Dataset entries
--------------------------------------------------

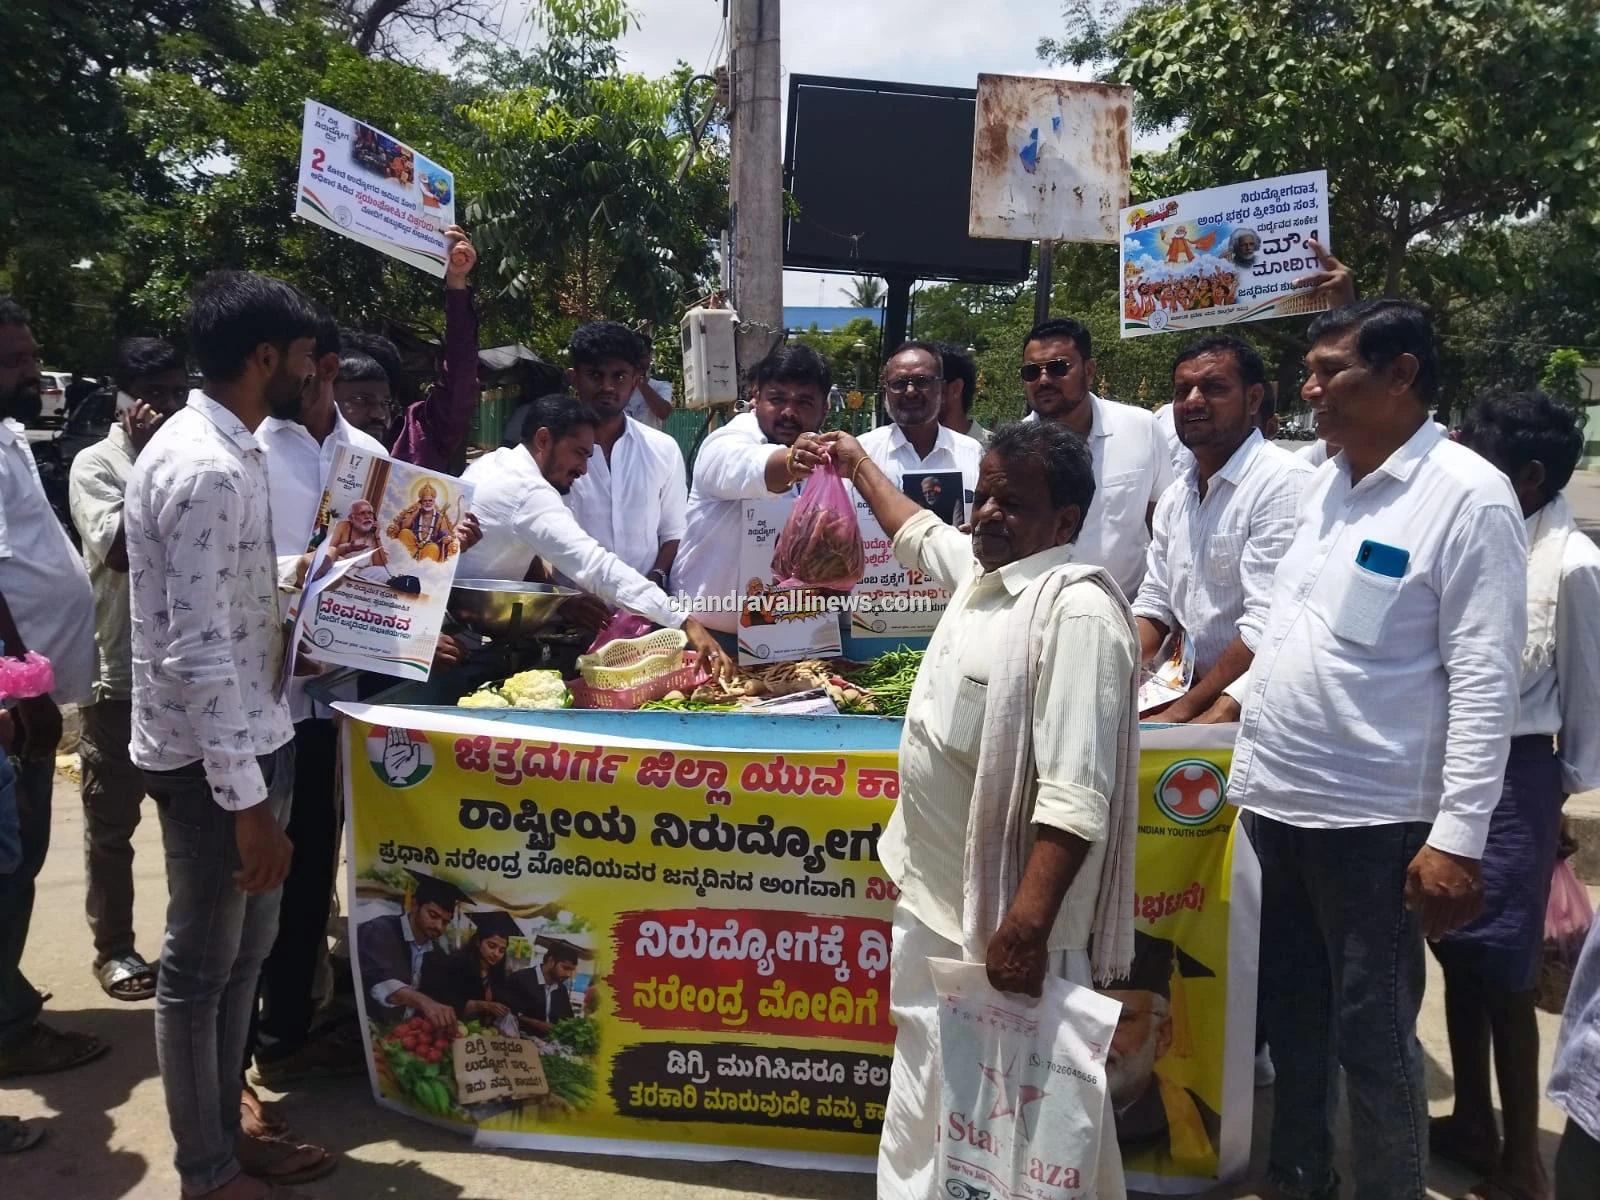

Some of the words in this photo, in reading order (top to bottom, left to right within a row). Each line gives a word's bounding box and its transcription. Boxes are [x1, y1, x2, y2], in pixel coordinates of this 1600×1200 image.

[311, 148, 326, 172] 2
[1197, 213, 1223, 226] ಅಂಧ
[1226, 207, 1250, 224] ಭಕ್ತರ
[1253, 202, 1290, 219] ಪ್ರೀತಿಯ
[1238, 283, 1278, 299] ಜನ್ಮದಿನದ
[349, 454, 363, 466] 17
[907, 569, 923, 585] 12
[319, 598, 412, 631] ದೇವಮಾನವ
[454, 735, 629, 786] ಚಿತ್ರದುರ್ಗ
[636, 751, 733, 806] ಜಿಲ್ಲಾ
[740, 755, 846, 797] ಯುವ
[458, 798, 636, 851] ರಾಷ್ಟ್ರೀಯ
[651, 812, 882, 874] ನಿರುದ್ಯೋಗ
[1137, 825, 1165, 836] INDIAN
[1167, 827, 1195, 838] YOUTH
[378, 840, 439, 865] ಪ್ರಧಾನಿ
[445, 848, 522, 878] ನರೇಂದ್ರ
[527, 851, 656, 883] ಮೋದಿಯವರ
[663, 866, 753, 897] ಜನ್ಮದಿನದ
[760, 875, 855, 898] ಅಂಗವಾಗಿ
[635, 919, 850, 982] ನಿರುದ್ಯೋಗಕ್ಕೆ
[633, 974, 748, 1025] ನರೇಂದ್ರ
[758, 979, 878, 1026] ಮೋದಿಗೆ
[667, 1049, 710, 1084] ಡಿಗ್ರಿ
[717, 1054, 845, 1083] ಮುಗಿಸಿದರೂ
[629, 1082, 698, 1108] ತರಕಾರಿ
[703, 1089, 810, 1117] ಮಾರುವುದೇ
[816, 1098, 863, 1128] ನಮ್ಮ

--------------------------------------------------

#### WORK INSTRUCTIONS:
Every entry above is to be repeated word for word, with all pictures omitted.

#### RESULT FOR THIS EXERCISE:
Some of the words in this photo, in reading order (top to bottom, left to right within a row). Each line gives a word's bounding box and its transcription. Boxes are [x1, y1, x2, y2], in pixel coordinates of this 1600×1200 image.

[311, 148, 326, 172] 2
[1197, 213, 1223, 226] ಅಂಧ
[1226, 207, 1250, 224] ಭಕ್ತರ
[1253, 202, 1290, 219] ಪ್ರೀತಿಯ
[1238, 283, 1278, 299] ಜನ್ಮದಿನದ
[349, 454, 363, 466] 17
[907, 569, 923, 585] 12
[319, 598, 412, 631] ದೇವಮಾನವ
[454, 735, 629, 786] ಚಿತ್ರದುರ್ಗ
[636, 751, 733, 806] ಜಿಲ್ಲಾ
[740, 755, 846, 797] ಯುವ
[458, 798, 636, 851] ರಾಷ್ಟ್ರೀಯ
[651, 812, 882, 874] ನಿರುದ್ಯೋಗ
[1137, 825, 1165, 836] INDIAN
[1167, 827, 1195, 838] YOUTH
[378, 840, 439, 865] ಪ್ರಧಾನಿ
[445, 848, 522, 878] ನರೇಂದ್ರ
[527, 851, 656, 883] ಮೋದಿಯವರ
[663, 866, 753, 897] ಜನ್ಮದಿನದ
[760, 875, 855, 898] ಅಂಗವಾಗಿ
[635, 919, 850, 982] ನಿರುದ್ಯೋಗಕ್ಕೆ
[633, 974, 748, 1025] ನರೇಂದ್ರ
[758, 979, 878, 1026] ಮೋದಿಗೆ
[667, 1049, 710, 1084] ಡಿಗ್ರಿ
[717, 1054, 845, 1083] ಮುಗಿಸಿದರೂ
[629, 1082, 698, 1108] ತರಕಾರಿ
[703, 1089, 810, 1117] ಮಾರುವುದೇ
[816, 1098, 863, 1128] ನಮ್ಮ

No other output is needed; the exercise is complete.